* [Source records]
--- START ---
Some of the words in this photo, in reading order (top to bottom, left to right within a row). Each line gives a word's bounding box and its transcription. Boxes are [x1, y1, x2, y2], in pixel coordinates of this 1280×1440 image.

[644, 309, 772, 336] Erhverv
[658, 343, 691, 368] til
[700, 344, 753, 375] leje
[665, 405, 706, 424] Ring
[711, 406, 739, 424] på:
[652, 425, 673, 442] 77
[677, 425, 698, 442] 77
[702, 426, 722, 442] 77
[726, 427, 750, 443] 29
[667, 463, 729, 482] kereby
--- END ---
* [Your task] Reproduce all the data exactly. Include every line.

* [Task output]
Some of the words in this photo, in reading order (top to bottom, left to right within a row). Each line gives a word's bounding box and its transcription. Boxes are [x1, y1, x2, y2], in pixel coordinates of this 1280×1440 image.

[644, 309, 772, 336] Erhverv
[658, 343, 691, 368] til
[700, 344, 753, 375] leje
[665, 405, 706, 424] Ring
[711, 406, 739, 424] på:
[652, 425, 673, 442] 77
[677, 425, 698, 442] 77
[702, 426, 722, 442] 77
[726, 427, 750, 443] 29
[667, 463, 729, 482] kereby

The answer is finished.